» What the task asks
Could you please retype all of the records exactly, skipping any pictures?
Data excerpts START
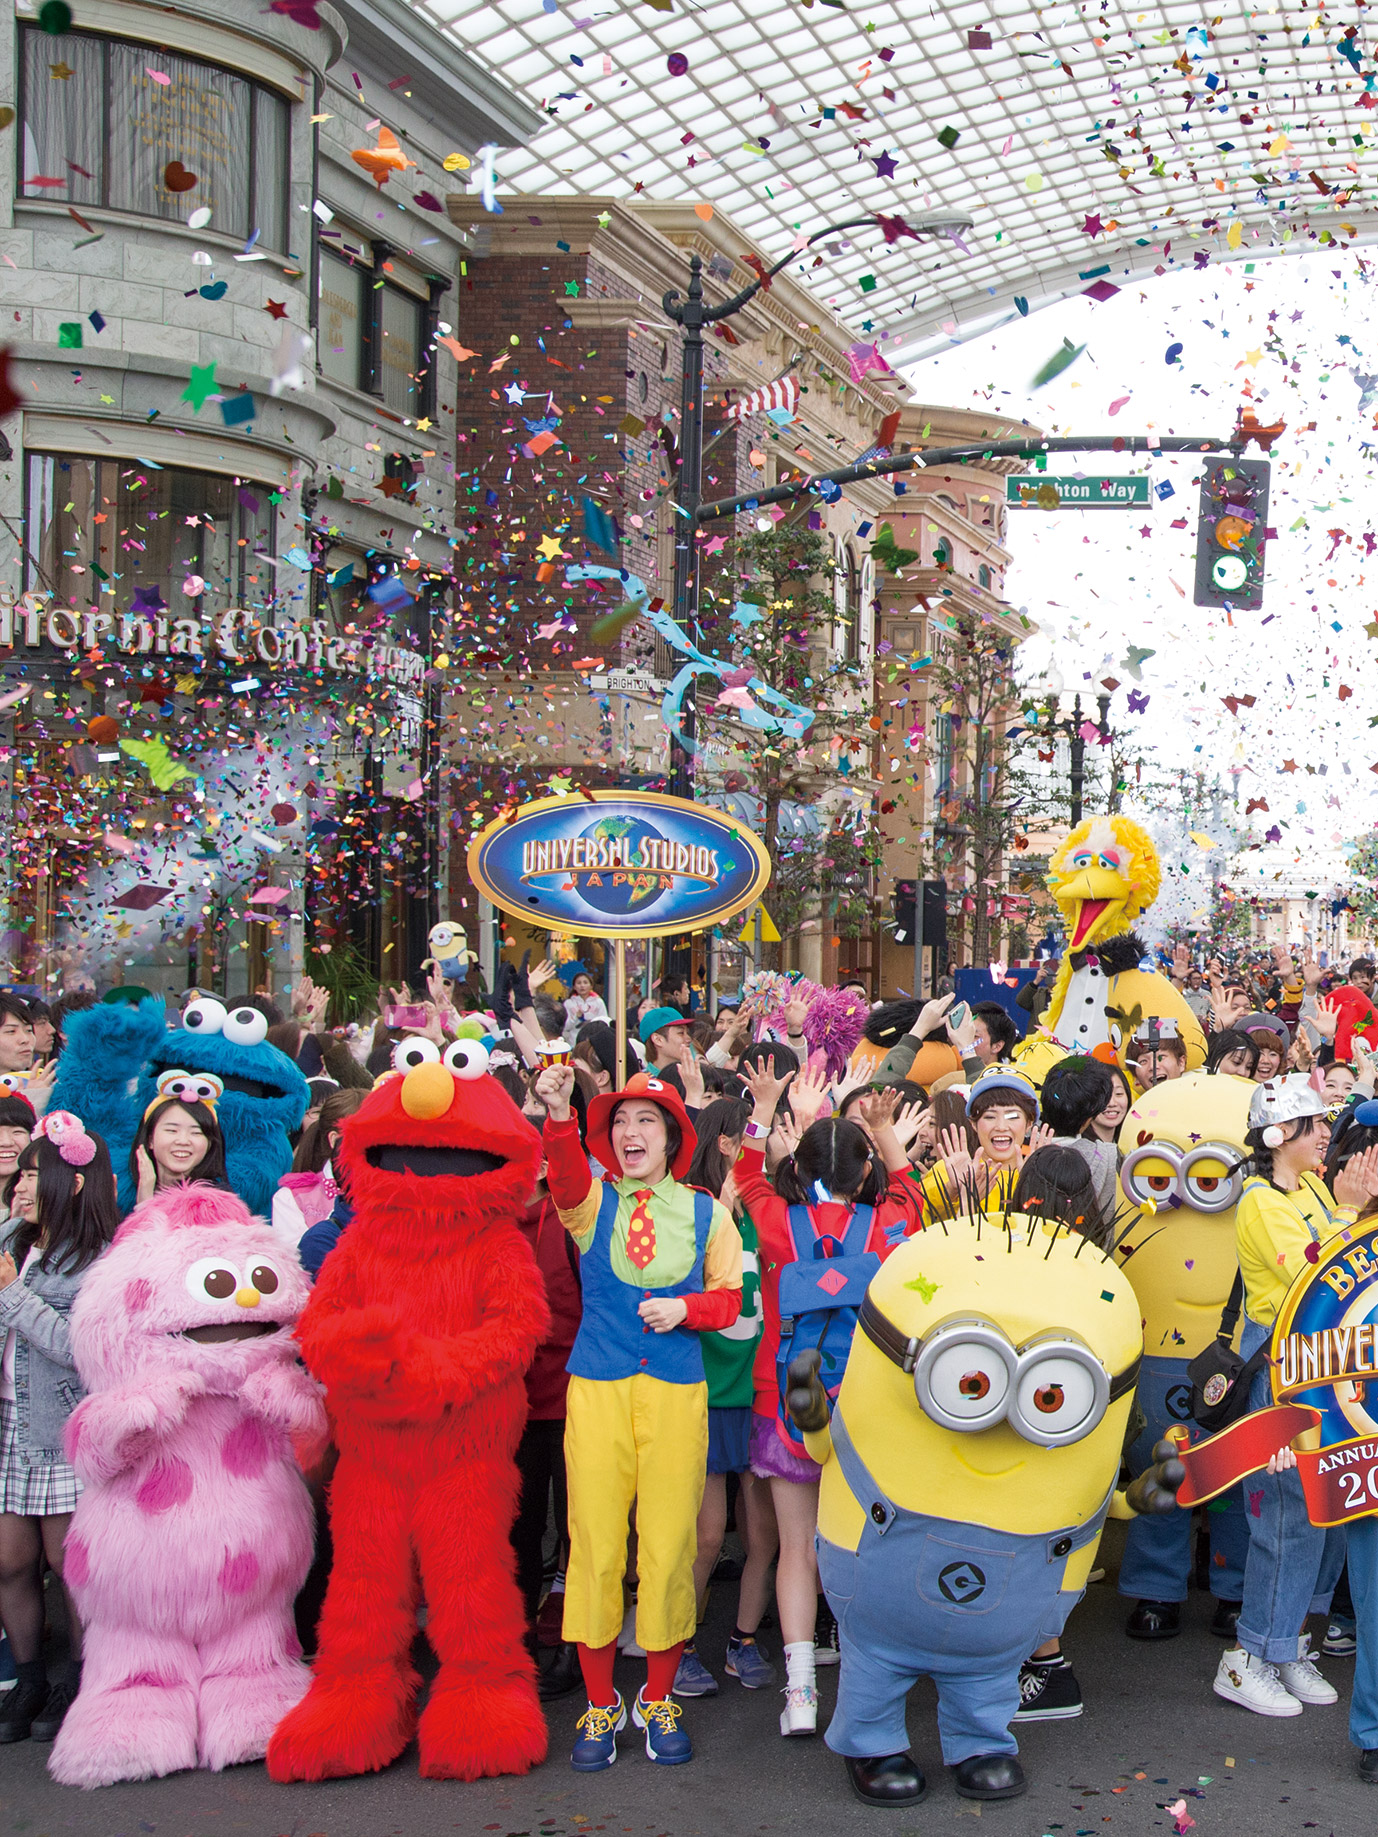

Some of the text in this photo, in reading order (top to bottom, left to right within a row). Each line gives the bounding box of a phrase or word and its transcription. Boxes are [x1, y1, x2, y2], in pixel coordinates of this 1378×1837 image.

[1019, 482, 1136, 500] Bhton Way
[607, 677, 651, 690] BRIGHTON
[522, 835, 720, 879] UNIVERSAL STUDIOS
[566, 872, 674, 889] JAPAN
Data excerpts END
» Finished exercise
Some of the text in this photo, in reading order (top to bottom, left to right within a row). Each line gives the bounding box of a phrase or word and its transcription. Boxes are [x1, y1, x2, y2], in pixel coordinates of this 1378×1837 image.

[1019, 482, 1136, 500] Bhton Way
[607, 677, 651, 690] BRIGHTON
[522, 835, 720, 879] UNIVERSAL STUDIOS
[566, 872, 674, 889] JAPAN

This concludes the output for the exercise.